Ferry to Curonian spit#
The next pictures show the ferry transfer to the Curonian spit, first impressions of the area of Nida (just 3 km North of the Russian border on the spit), the Curonian churchyard for the original Curonian people and their decendents with their unusully formed crosses, and a few typical houses.The Curonian spit#
Note that the Curonian spit forms a large body of water between the continent and the Baltic sea. It has a single exit to the Baltic sea quite far North. Russina ships that want to pass from their part of the "lagoon" into the Baltic sea need today a special permit to do so, since they have to navigate through Lithuanian waters. Hence Kaliningrad has, to the North of the city, no direct access to the Baltic sea!The next two pictures show the house of Nobel Prize winner Thomas Mann, and a view from his house to the sea which he has called "the second gulf of Corinth". Thomas Mann won the literature nobelprize in 1930. With part of the money he built a house on the Curonian spit and lived there three summers 1930-1932, writing “Joseph and his brothers”. But when Memelland was annexed by Germany and Kaliningrad (Königsberg) became more and more under the dominance of Nazis and the aggression against not pure-Nazis-thoughts increased, he did not feel safe in Nida any more, returned to Munich and eventually had to leave Germany. He became US cititzen in 1944, a voice long before 1938 against the Nazis. His brother Heinrich, a convinced communist, even lost officicially his German citizenship in the 1930s.

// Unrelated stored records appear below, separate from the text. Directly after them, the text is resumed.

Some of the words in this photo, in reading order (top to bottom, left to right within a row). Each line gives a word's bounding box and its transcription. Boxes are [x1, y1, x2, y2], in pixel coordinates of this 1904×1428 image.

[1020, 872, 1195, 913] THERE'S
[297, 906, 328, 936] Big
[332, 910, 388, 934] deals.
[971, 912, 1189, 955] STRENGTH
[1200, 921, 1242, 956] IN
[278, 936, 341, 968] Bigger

Exploring the dunes around Nida#
On the way to the "Mountain of crosses"#
The following pictures are from the “Mountain of crosses” near Siauliai, a major city in N Lithuania. Lithuania was always predominantly catholic, even today still close to 80% . Lithuania kept her Catholic identity under the Russian Empire and later under the Soviet Union when some Catholic priests led the resistance against the Communist regime. This is commemorated in the "Mountain of crosses" (“Berg der Kreuze") near Siauliai, once a shrine to the anti-communist resistance, today something between a pilgrimage site and a tourists spectacle.
From here it is just an hours drive to Latvia.